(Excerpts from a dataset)
►

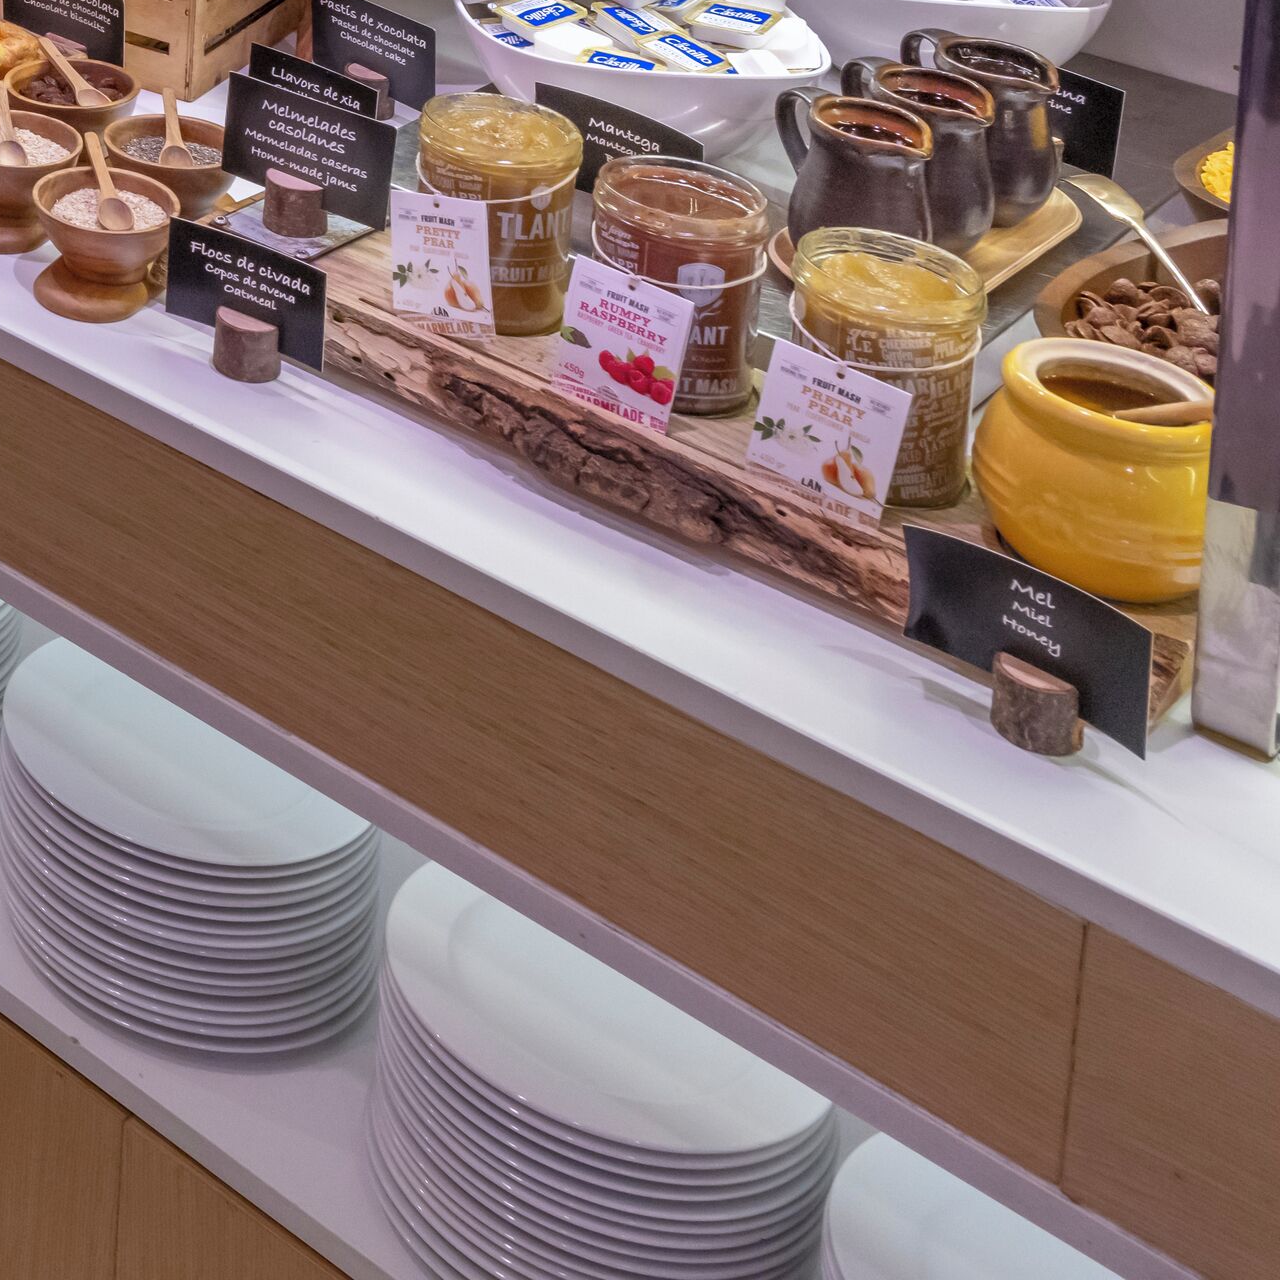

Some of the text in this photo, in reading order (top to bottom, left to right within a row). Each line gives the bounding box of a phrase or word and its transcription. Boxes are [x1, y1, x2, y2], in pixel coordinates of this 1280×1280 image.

[69, 9, 106, 34] biscuits
[72, 1, 112, 26] chocolate
[524, 3, 566, 22] Castillo
[710, 7, 763, 23] Castillo
[330, 15, 416, 59] Pastel de chocolate
[360, 12, 375, 27] de
[375, 20, 428, 50] xocolata
[339, 30, 407, 66] Chocolate cake
[664, 37, 713, 66] Castillo
[271, 66, 321, 94] Llavors
[323, 86, 338, 102] de
[339, 94, 362, 111] xia
[261, 99, 358, 142] Melmelades
[588, 117, 661, 153] Mantega
[268, 119, 346, 155] casolanes
[244, 127, 369, 180] Mermeladas caseras
[251, 145, 358, 193] Home-made jams
[415, 224, 461, 241] PRETTY
[420, 214, 438, 224] FRUIT
[496, 206, 570, 241] TLANT
[423, 235, 456, 250] PEAR
[189, 240, 311, 296] Flocs de civada
[491, 266, 536, 283] FRUIT
[204, 263, 296, 305] Copos de avena
[223, 284, 278, 311] Oatmeal
[598, 297, 652, 328] RUMPY
[605, 289, 650, 314] FRUIT MASH
[579, 300, 669, 346] RASPBERRY
[687, 324, 733, 347] ANT
[562, 360, 586, 380] 450g
[800, 384, 867, 422] PRETTY
[811, 376, 863, 405] FRUIT MASH
[807, 398, 855, 428] PEAR
[1009, 578, 1056, 610] Mel
[1012, 600, 1054, 628] Miel
[1002, 614, 1061, 658] Honey
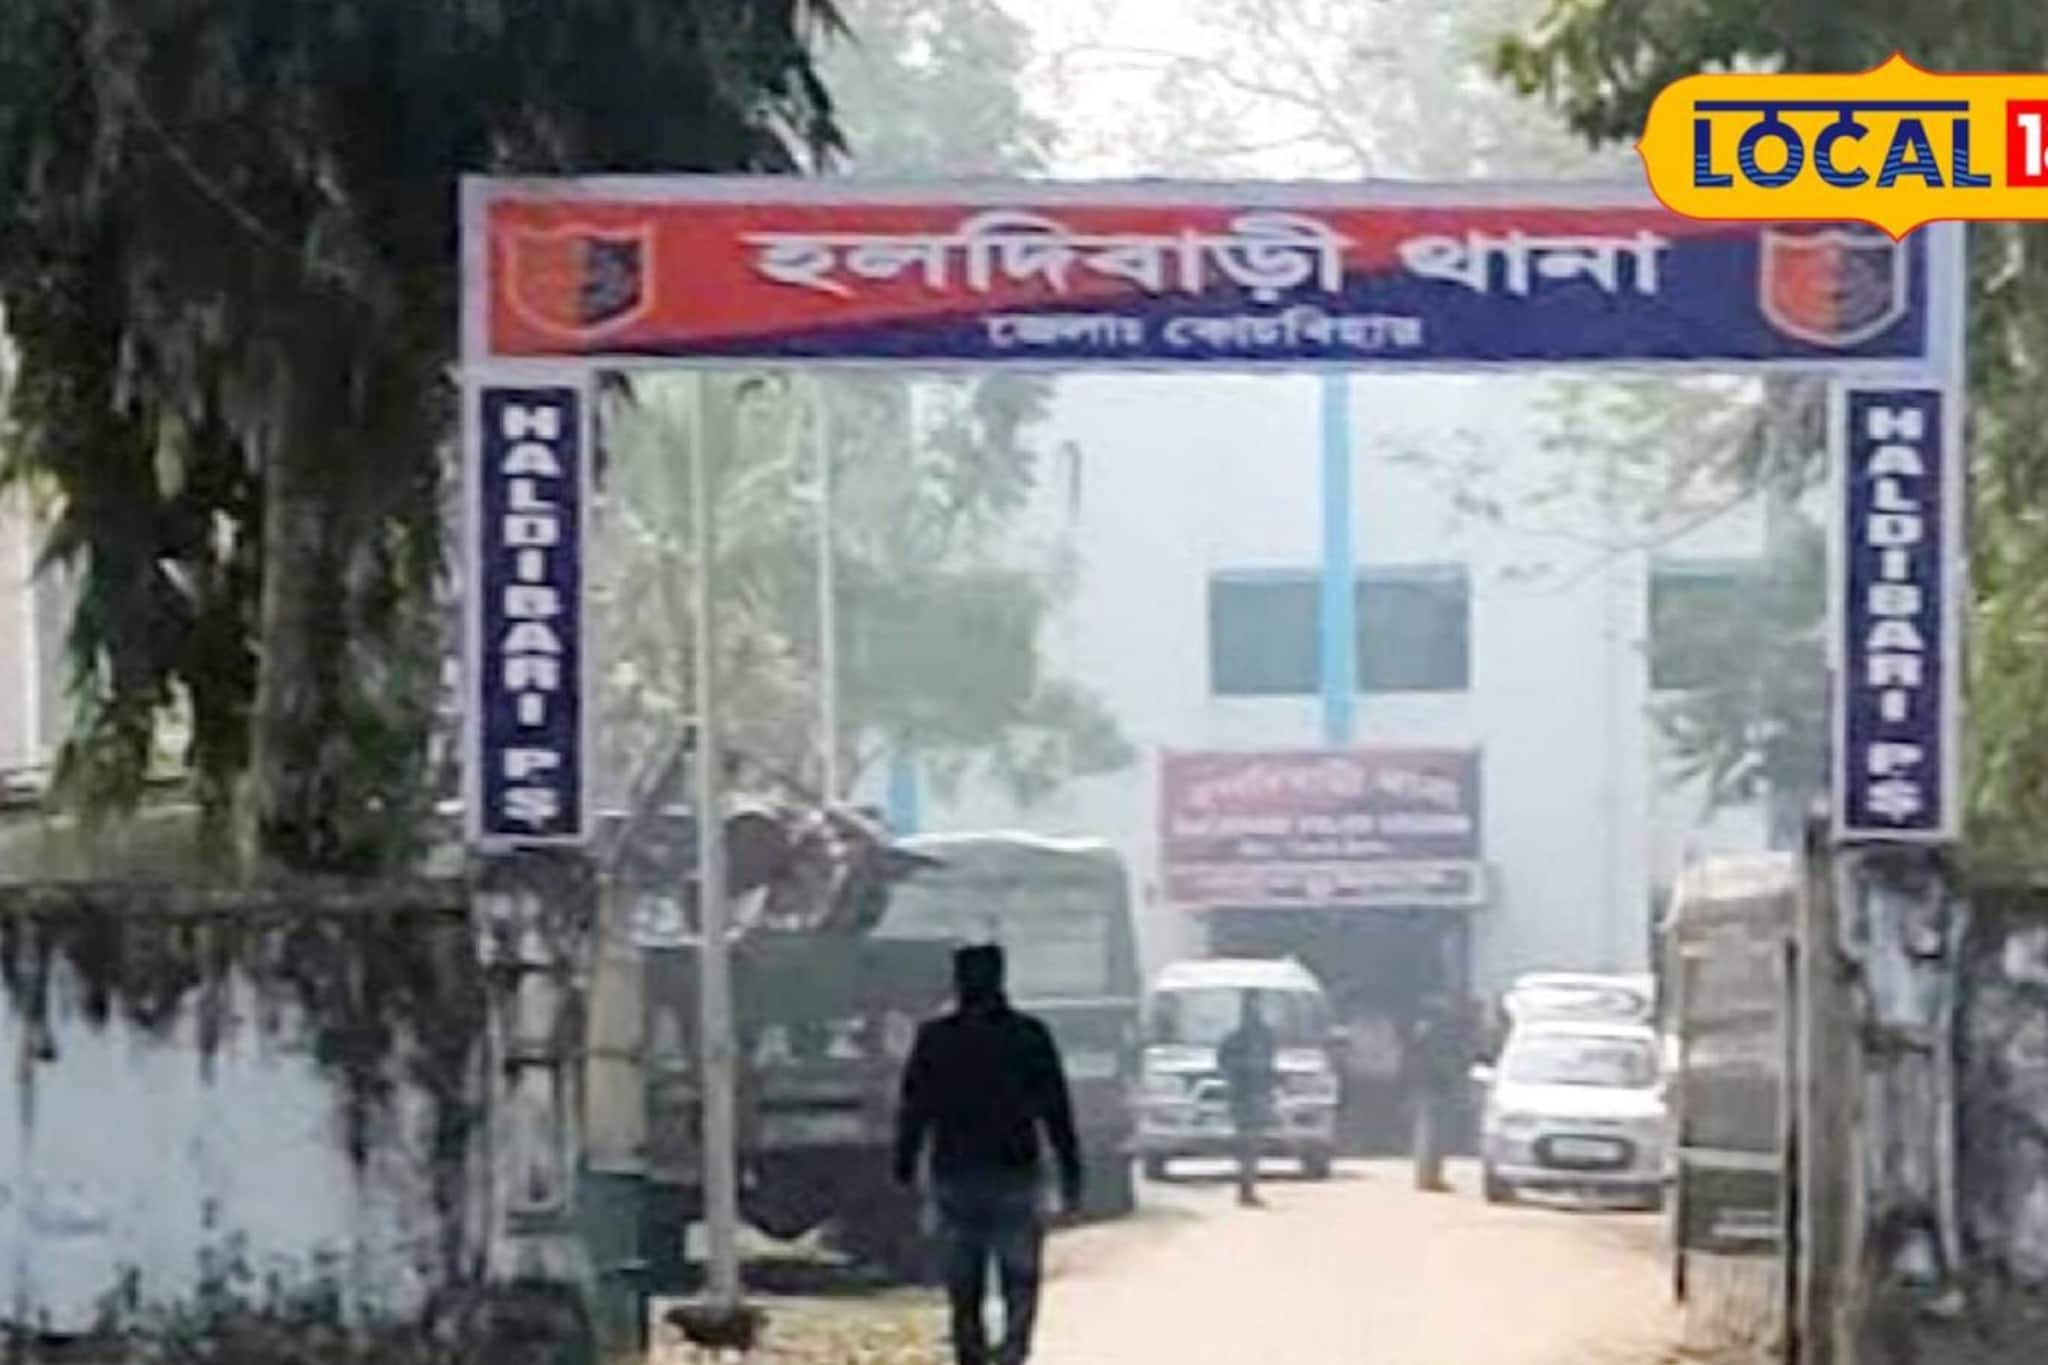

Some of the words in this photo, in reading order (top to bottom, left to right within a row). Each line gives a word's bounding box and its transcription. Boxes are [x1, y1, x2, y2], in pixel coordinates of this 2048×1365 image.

[1396, 229, 1671, 296] থানা
[501, 405, 562, 727] HALDIBARI
[1866, 406, 1925, 722] HALDIBARI

◄

◆ PROBLEM REQUIREMENTS: Word for word, give back each entry from above, but skip any picture.

◆ TASK RESPONSE:
Some of the text in this photo, in reading order (top to bottom, left to right within a row). Each line gives the bounding box of a phrase or word and its transcription. Boxes are [x1, y1, x2, y2], in pixel coordinates of this 1280×1280 image.

[69, 9, 106, 34] biscuits
[72, 1, 112, 26] chocolate
[524, 3, 566, 22] Castillo
[710, 7, 763, 23] Castillo
[330, 15, 416, 59] Pastel de chocolate
[360, 12, 375, 27] de
[375, 20, 428, 50] xocolata
[339, 30, 407, 66] Chocolate cake
[664, 37, 713, 66] Castillo
[271, 66, 321, 94] Llavors
[323, 86, 338, 102] de
[339, 94, 362, 111] xia
[261, 99, 358, 142] Melmelades
[588, 117, 661, 153] Mantega
[268, 119, 346, 155] casolanes
[244, 127, 369, 180] Mermeladas caseras
[251, 145, 358, 193] Home-made jams
[415, 224, 461, 241] PRETTY
[420, 214, 438, 224] FRUIT
[496, 206, 570, 241] TLANT
[423, 235, 456, 250] PEAR
[189, 240, 311, 296] Flocs de civada
[491, 266, 536, 283] FRUIT
[204, 263, 296, 305] Copos de avena
[223, 284, 278, 311] Oatmeal
[598, 297, 652, 328] RUMPY
[605, 289, 650, 314] FRUIT MASH
[579, 300, 669, 346] RASPBERRY
[687, 324, 733, 347] ANT
[562, 360, 586, 380] 450g
[800, 384, 867, 422] PRETTY
[811, 376, 863, 405] FRUIT MASH
[807, 398, 855, 428] PEAR
[1009, 578, 1056, 610] Mel
[1012, 600, 1054, 628] Miel
[1002, 614, 1061, 658] Honey

Some of the words in this photo, in reading order (top to bottom, left to right within a row). Each line gives a word's bounding box and its transcription. Boxes are [x1, y1, x2, y2], in pixel coordinates of this 2048×1365 image.

[1396, 229, 1671, 296] থানা
[501, 405, 562, 727] HALDIBARI
[1866, 406, 1925, 722] HALDIBARI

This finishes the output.